Apart from the pictures, the listing is to be returned exactly.

───── DATA PROVIDED

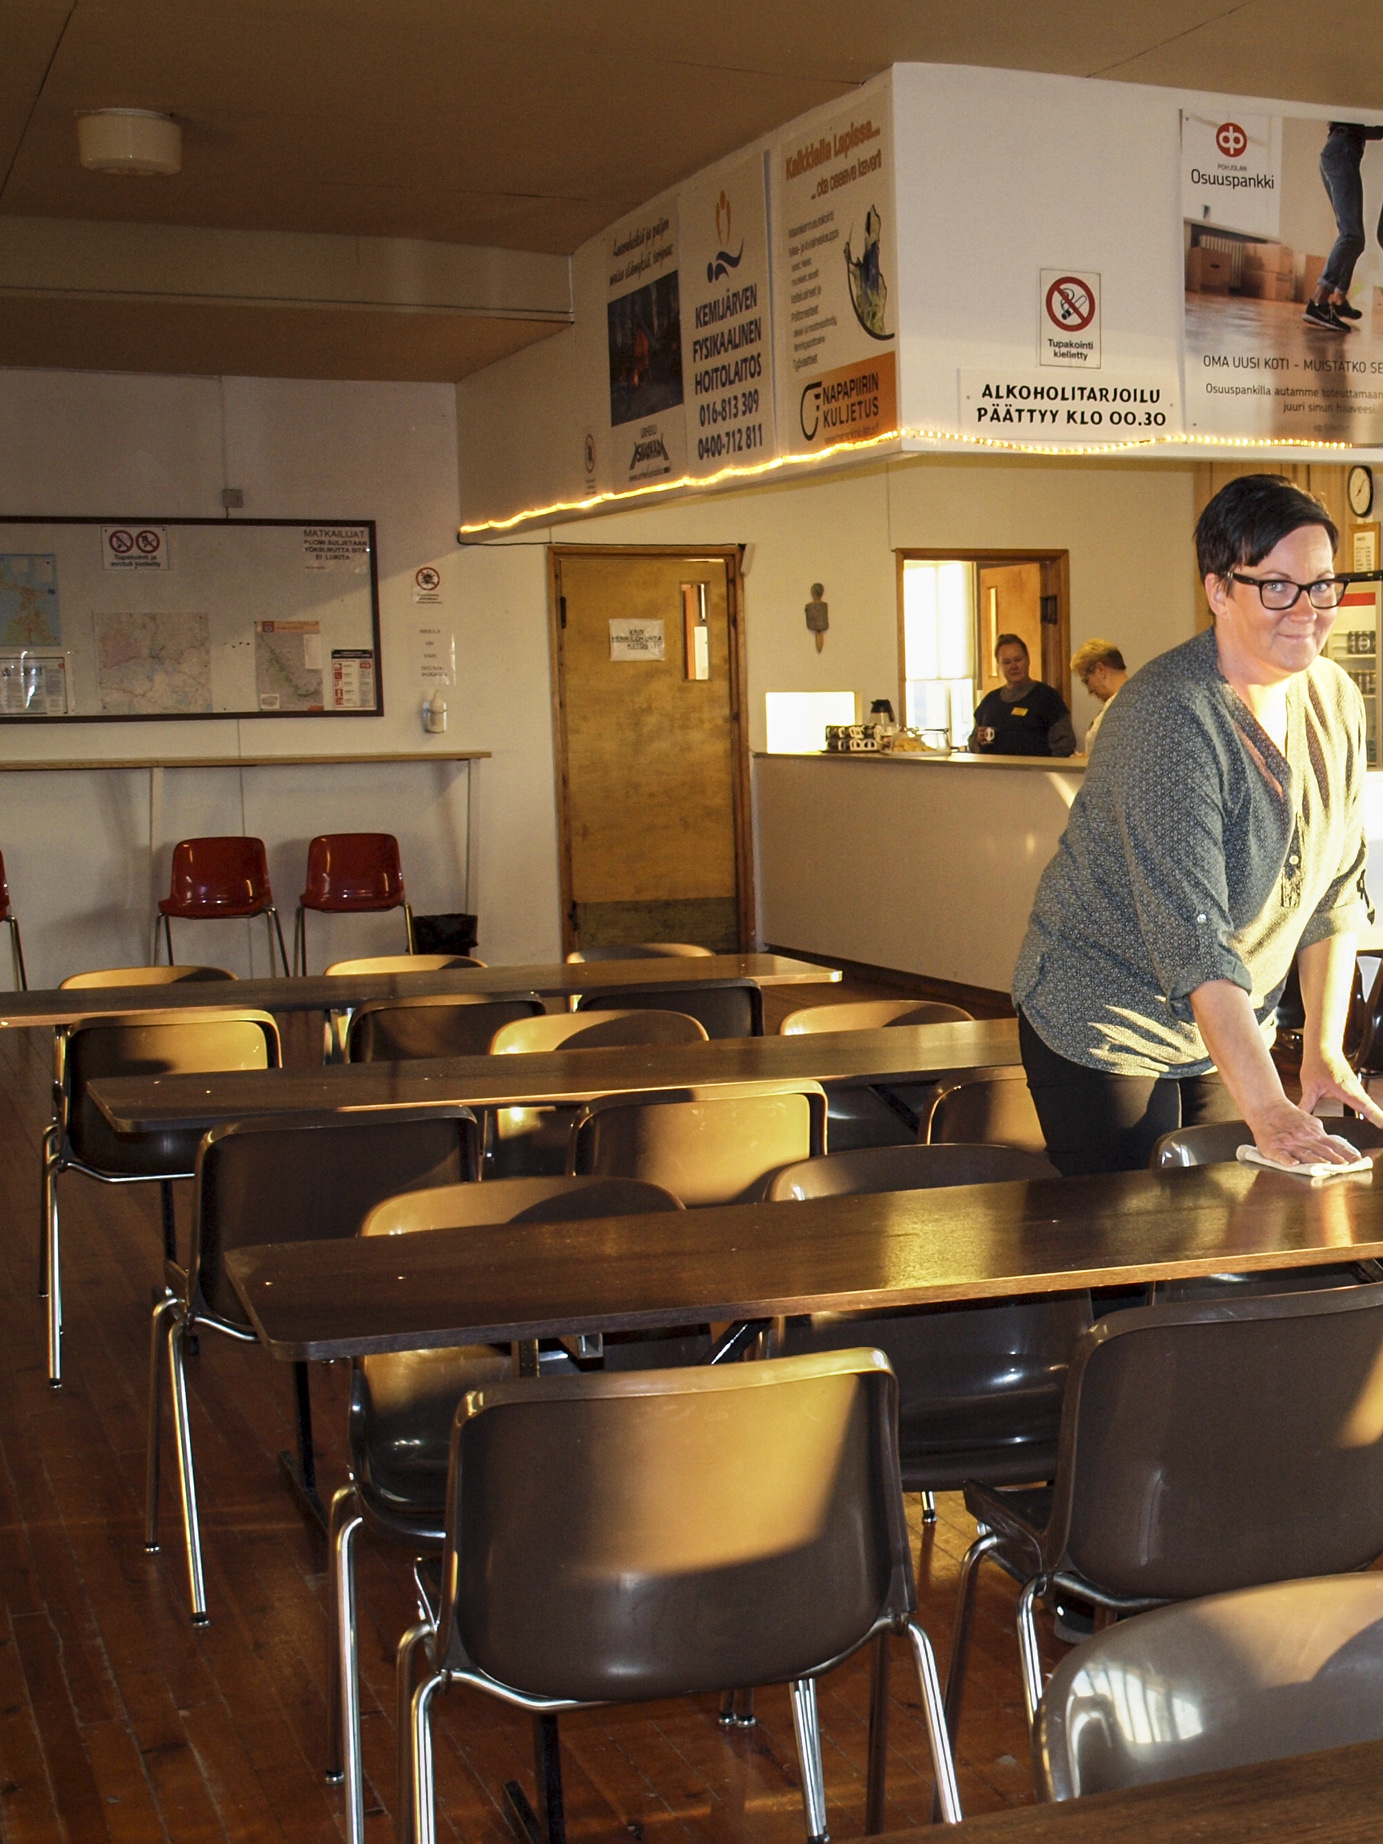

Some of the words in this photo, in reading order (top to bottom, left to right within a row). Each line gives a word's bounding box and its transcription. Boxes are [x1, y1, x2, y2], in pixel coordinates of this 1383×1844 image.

[785, 138, 832, 181] Kaikkialla
[1217, 163, 1248, 171] POHJOLAN
[1191, 168, 1275, 190] Osuuspankki
[695, 283, 758, 329] KEMIJÄRVEN
[693, 317, 762, 364] FYSIKAALINEN
[1048, 338, 1094, 350] Tupakointi
[1053, 350, 1088, 361] kielletty
[1203, 354, 1230, 368] OMA
[1232, 357, 1261, 369] UUSI
[1264, 358, 1290, 370] KOTI
[1303, 359, 1367, 374] MUISTATKO
[695, 352, 762, 396] HOITOLAITOS
[823, 372, 879, 406] NAPAPIIRIN
[981, 384, 1160, 404] ALKOHOLITARJOILU
[1205, 383, 1271, 397] Osuuspankilla
[1274, 386, 1319, 398] autamme
[1322, 387, 1383, 400] toteuttamaan
[699, 395, 739, 427] 016-813
[742, 389, 759, 417] 309
[823, 396, 879, 429] KULJETUS
[976, 403, 1060, 424] PÄÄTTYY
[1066, 410, 1103, 426] KLO
[1109, 411, 1166, 427] 00.30
[1283, 401, 1305, 413] juuri
[1308, 401, 1333, 413] sinun
[698, 428, 743, 461] 0400-712
[745, 423, 763, 450] 811
[304, 529, 365, 538] MATKAILIJAT

──────────

**TASK OUTPUT:**
Some of the words in this photo, in reading order (top to bottom, left to right within a row). Each line gives a word's bounding box and its transcription. Boxes are [x1, y1, x2, y2], in pixel coordinates of this 1383×1844 image.

[785, 138, 832, 181] Kaikkialla
[1217, 163, 1248, 171] POHJOLAN
[1191, 168, 1275, 190] Osuuspankki
[695, 283, 758, 329] KEMIJÄRVEN
[693, 317, 762, 364] FYSIKAALINEN
[1048, 338, 1094, 350] Tupakointi
[1053, 350, 1088, 361] kielletty
[1203, 354, 1230, 368] OMA
[1232, 357, 1261, 369] UUSI
[1264, 358, 1290, 370] KOTI
[1303, 359, 1367, 374] MUISTATKO
[695, 352, 762, 396] HOITOLAITOS
[823, 372, 879, 406] NAPAPIIRIN
[981, 384, 1160, 404] ALKOHOLITARJOILU
[1205, 383, 1271, 397] Osuuspankilla
[1274, 386, 1319, 398] autamme
[1322, 387, 1383, 400] toteuttamaan
[699, 395, 739, 427] 016-813
[742, 389, 759, 417] 309
[823, 396, 879, 429] KULJETUS
[976, 403, 1060, 424] PÄÄTTYY
[1066, 410, 1103, 426] KLO
[1109, 411, 1166, 427] 00.30
[1283, 401, 1305, 413] juuri
[1308, 401, 1333, 413] sinun
[698, 428, 743, 461] 0400-712
[745, 423, 763, 450] 811
[304, 529, 365, 538] MATKAILIJAT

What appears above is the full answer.